» Problem to solve: All records are to be reproduced verbatim, with images omitted.

» Items from a data source:
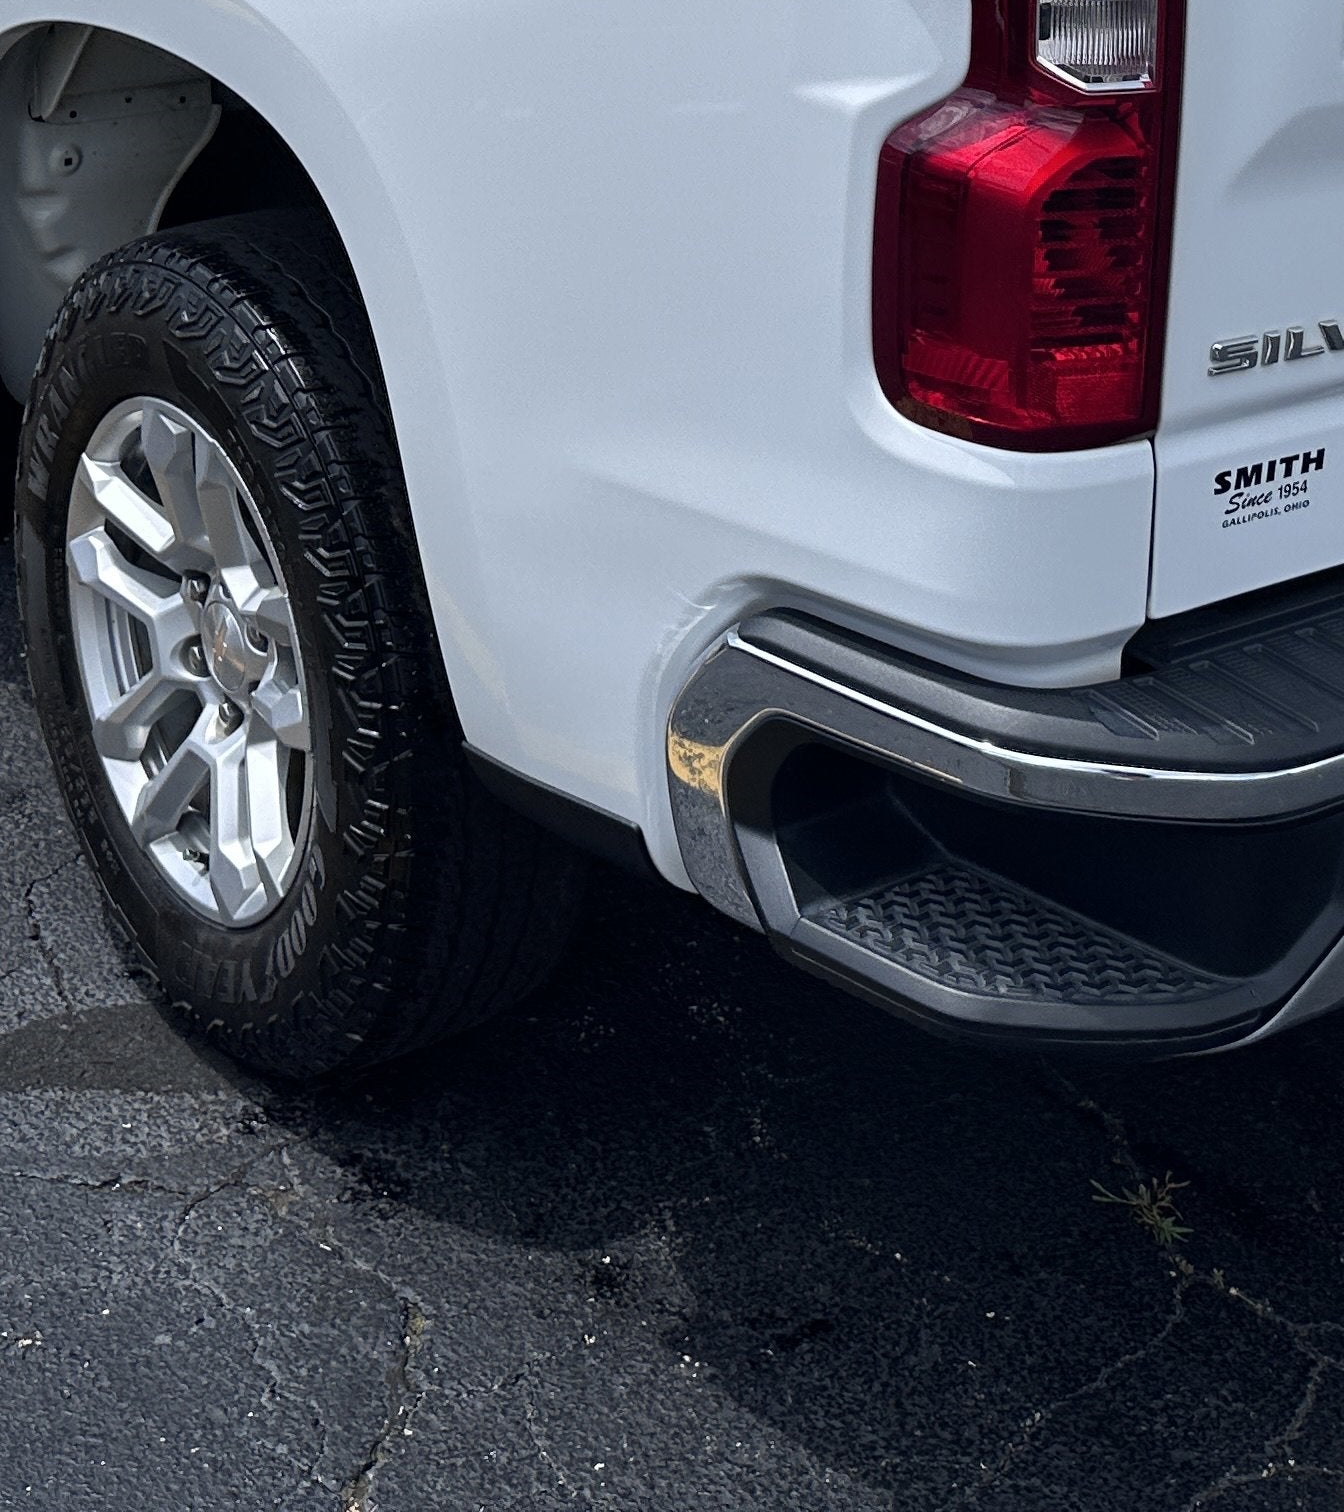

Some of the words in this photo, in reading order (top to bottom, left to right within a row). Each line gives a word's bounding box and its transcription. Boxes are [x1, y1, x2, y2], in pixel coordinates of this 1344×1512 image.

[1213, 448, 1326, 496] SMITH
[1224, 490, 1273, 515] Since
[1277, 479, 1308, 500] 1954
[1283, 499, 1311, 513] OHIO
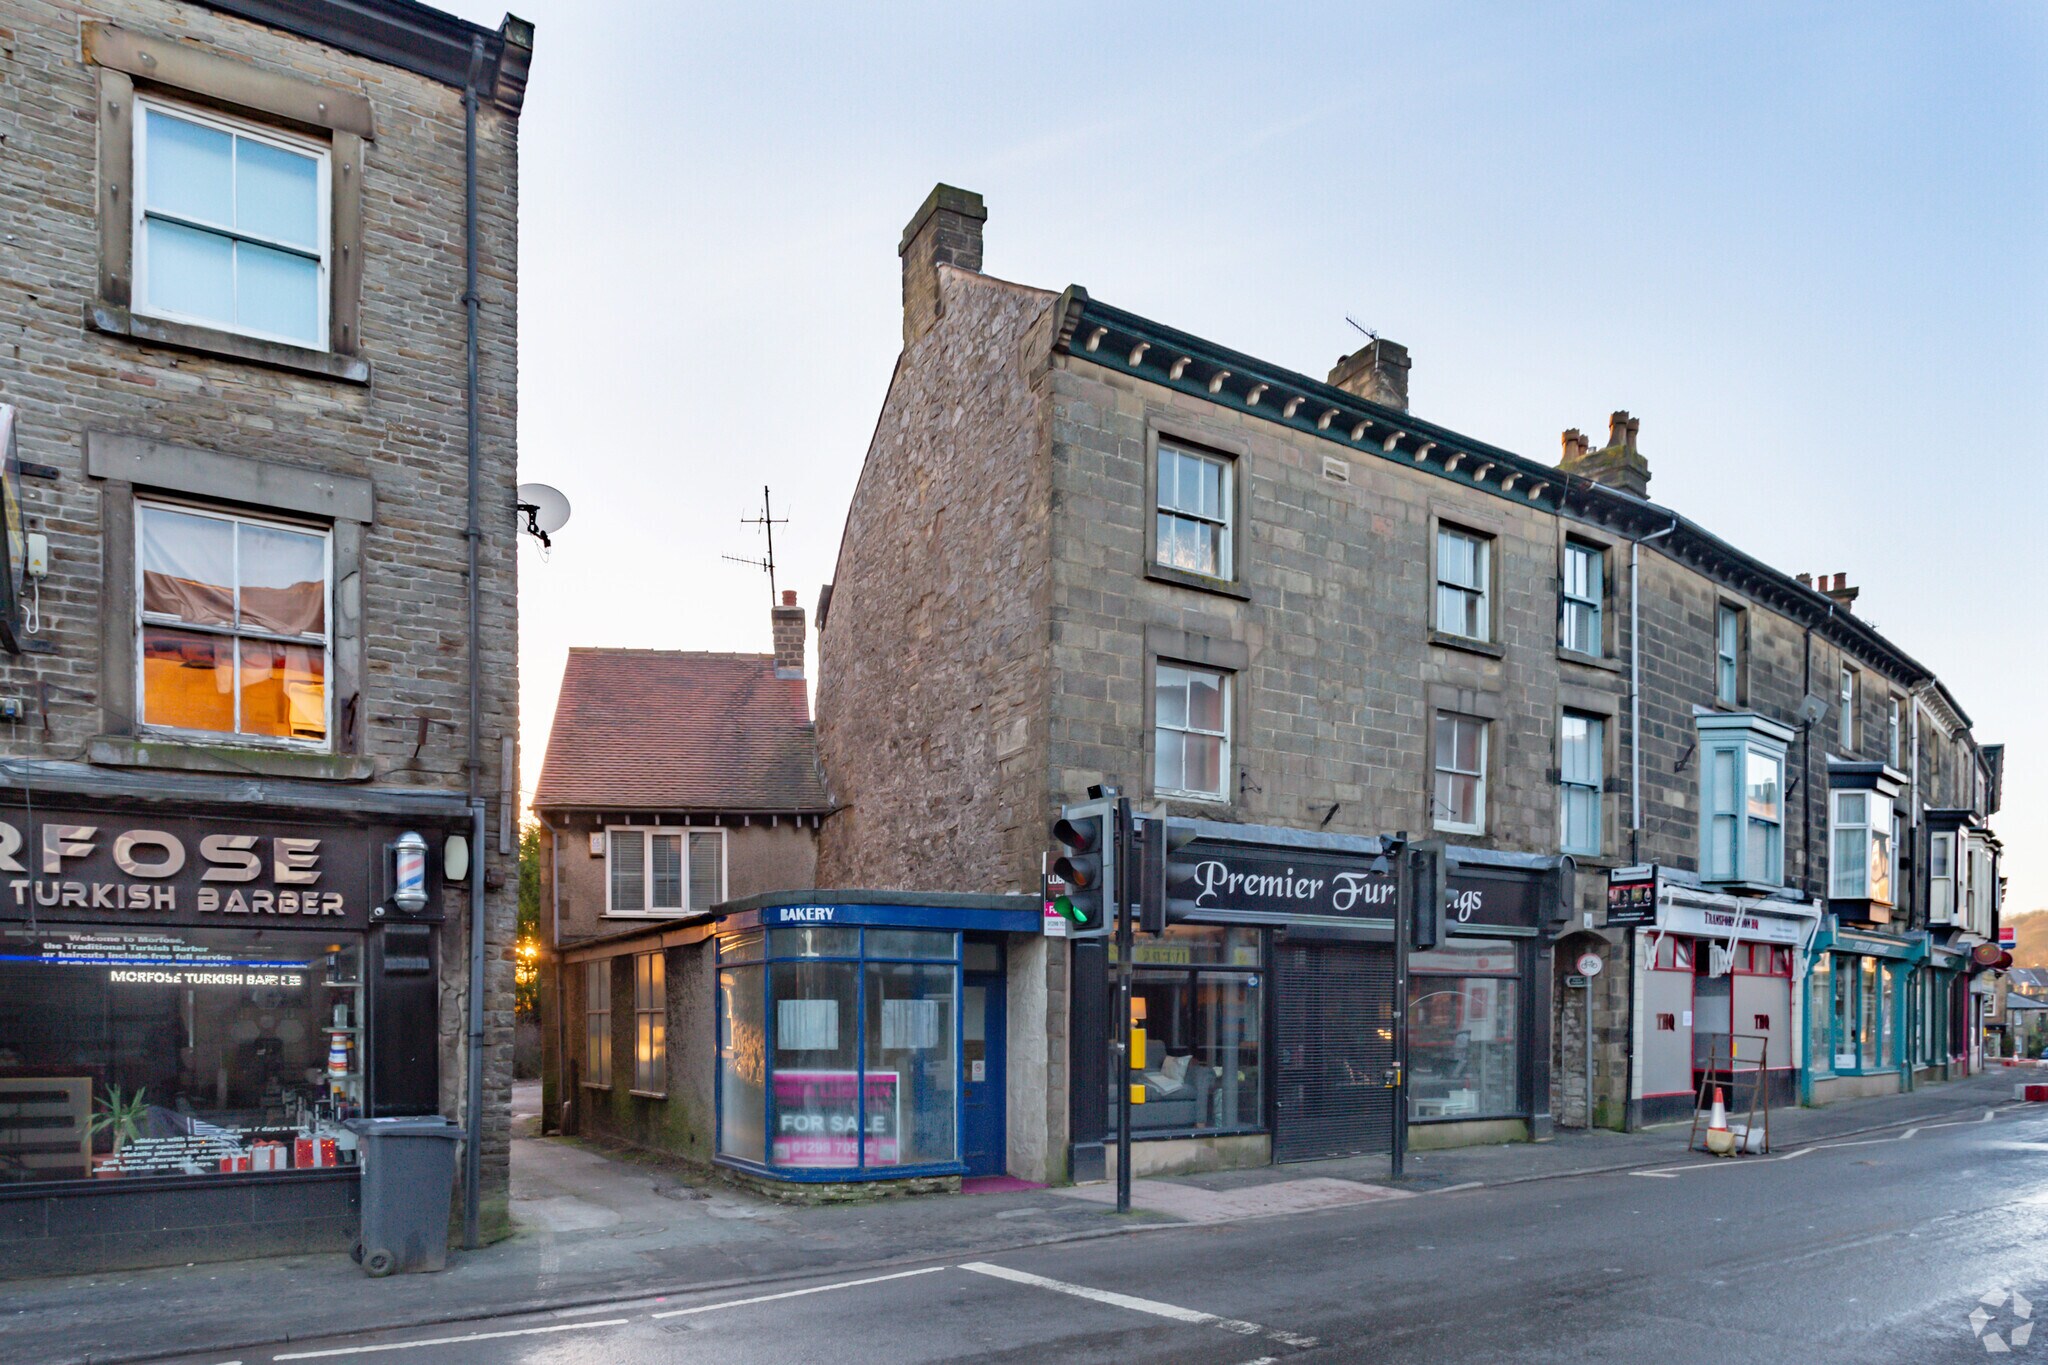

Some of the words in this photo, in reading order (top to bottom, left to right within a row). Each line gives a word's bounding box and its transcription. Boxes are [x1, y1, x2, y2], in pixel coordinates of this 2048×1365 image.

[1194, 860, 1324, 906] Premier
[9, 879, 176, 911] TURKISH
[197, 887, 346, 916] BARBER
[780, 907, 835, 922] BAKERY
[69, 934, 120, 943] Welcome
[123, 935, 134, 943] to
[43, 942, 62, 950] the
[65, 942, 126, 951] Traditional
[128, 944, 170, 952] Turkish
[172, 945, 209, 953] Barber
[58, 951, 105, 959] haircuts
[175, 953, 193, 961] full
[196, 953, 232, 961] service
[110, 970, 182, 984] MORFOSE
[184, 972, 243, 985] TURKISH
[780, 1115, 825, 1131] FOR
[830, 1115, 886, 1132] SALE

» Written answer:
Some of the words in this photo, in reading order (top to bottom, left to right within a row). Each line gives a word's bounding box and its transcription. Boxes are [x1, y1, x2, y2], in pixel coordinates of this 1344×1512 image.

[1213, 448, 1326, 496] SMITH
[1224, 490, 1273, 515] Since
[1277, 479, 1308, 500] 1954
[1283, 499, 1311, 513] OHIO

Some of the words in this photo, in reading order (top to bottom, left to right within a row). Each line gives a word's bounding box and its transcription. Boxes are [x1, y1, x2, y2], in pixel coordinates of this 2048×1365 image.

[1194, 860, 1324, 906] Premier
[9, 879, 176, 911] TURKISH
[197, 887, 346, 916] BARBER
[780, 907, 835, 922] BAKERY
[69, 934, 120, 943] Welcome
[123, 935, 134, 943] to
[43, 942, 62, 950] the
[65, 942, 126, 951] Traditional
[128, 944, 170, 952] Turkish
[172, 945, 209, 953] Barber
[58, 951, 105, 959] haircuts
[175, 953, 193, 961] full
[196, 953, 232, 961] service
[110, 970, 182, 984] MORFOSE
[184, 972, 243, 985] TURKISH
[780, 1115, 825, 1131] FOR
[830, 1115, 886, 1132] SALE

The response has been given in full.